What is being asked:
In your copy, reproduce the entries exactly as they are, minus the images.

Input:
↓
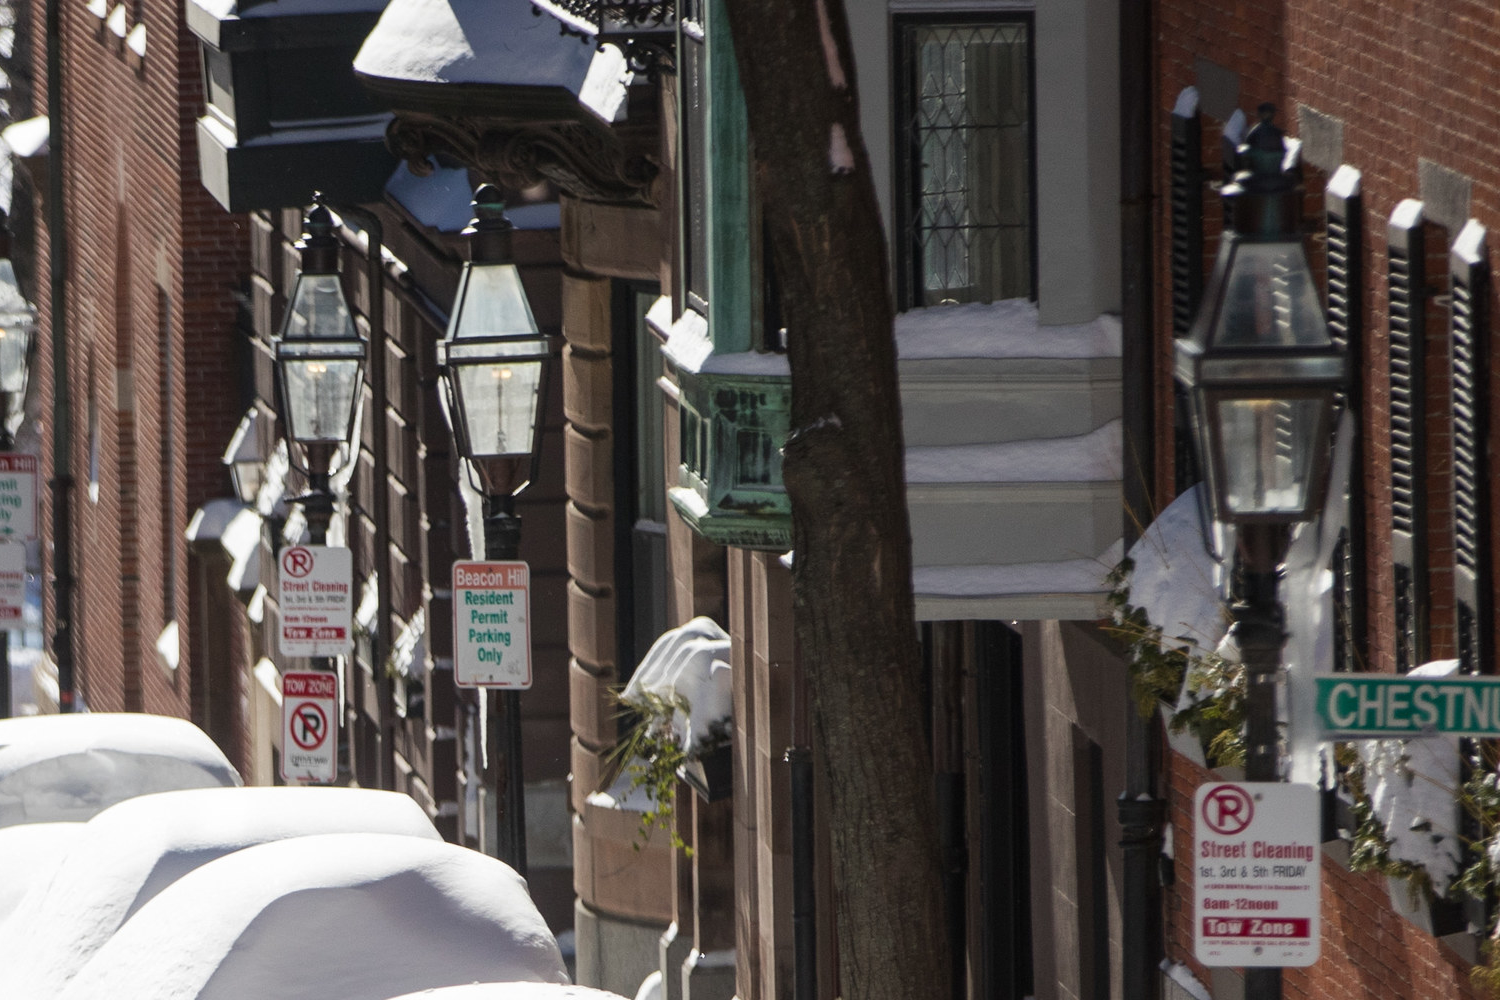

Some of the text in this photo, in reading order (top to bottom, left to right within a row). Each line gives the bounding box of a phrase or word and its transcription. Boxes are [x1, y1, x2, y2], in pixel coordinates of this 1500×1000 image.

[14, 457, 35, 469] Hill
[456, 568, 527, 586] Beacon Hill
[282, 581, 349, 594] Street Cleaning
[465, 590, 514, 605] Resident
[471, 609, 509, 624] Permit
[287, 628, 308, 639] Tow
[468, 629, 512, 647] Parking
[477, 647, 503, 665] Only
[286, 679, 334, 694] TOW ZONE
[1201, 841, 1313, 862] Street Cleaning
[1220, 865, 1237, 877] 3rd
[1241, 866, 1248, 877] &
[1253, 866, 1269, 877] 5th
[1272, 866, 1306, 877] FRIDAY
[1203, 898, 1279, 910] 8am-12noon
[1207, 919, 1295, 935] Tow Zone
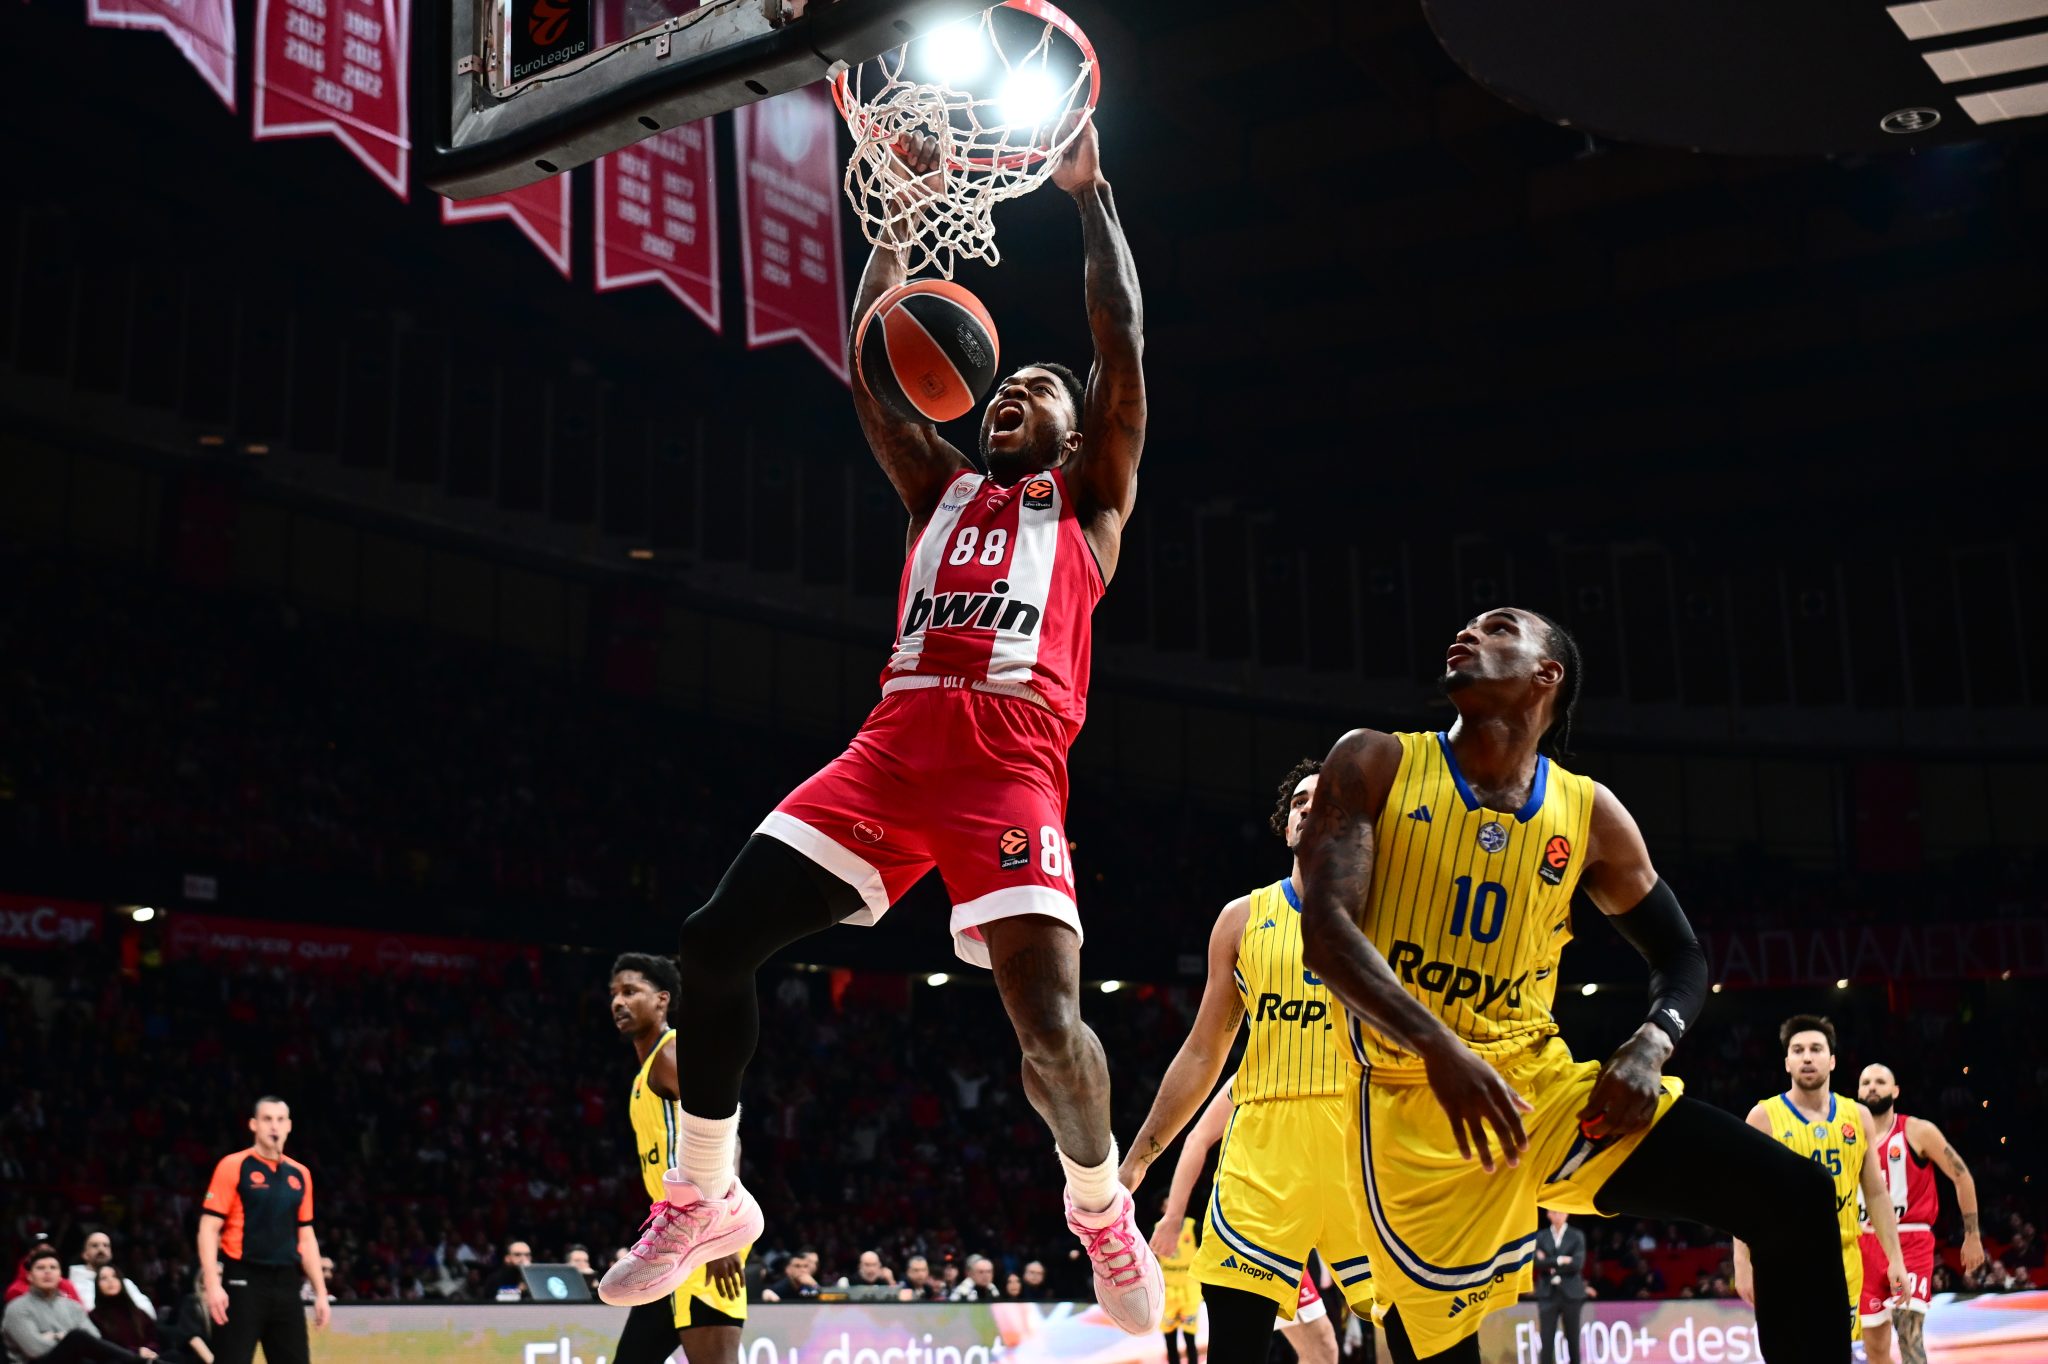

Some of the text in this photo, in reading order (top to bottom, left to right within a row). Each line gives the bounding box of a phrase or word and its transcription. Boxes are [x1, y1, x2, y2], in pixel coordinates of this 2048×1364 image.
↑
Output for this exercise:
Some of the text in this photo, in reading order (top to bottom, left to right within a row). Each line gives the bounding box of a phrase or word and its transcription. Boxes are [x1, y1, x2, y2], in pixel coordinates of this 1500×1000 image.

[14, 457, 35, 469] Hill
[456, 568, 527, 586] Beacon Hill
[282, 581, 349, 594] Street Cleaning
[465, 590, 514, 605] Resident
[471, 609, 509, 624] Permit
[287, 628, 308, 639] Tow
[468, 629, 512, 647] Parking
[477, 647, 503, 665] Only
[286, 679, 334, 694] TOW ZONE
[1201, 841, 1313, 862] Street Cleaning
[1220, 865, 1237, 877] 3rd
[1241, 866, 1248, 877] &
[1253, 866, 1269, 877] 5th
[1272, 866, 1306, 877] FRIDAY
[1203, 898, 1279, 910] 8am-12noon
[1207, 919, 1295, 935] Tow Zone

Some of the text in this photo, in reading order (top to bottom, left to right within a row). Each line gives the bounding box of a phrase or word and its transcription. Boxes are [x1, y1, x2, y2], in pixel coordinates of this 2048×1364 image.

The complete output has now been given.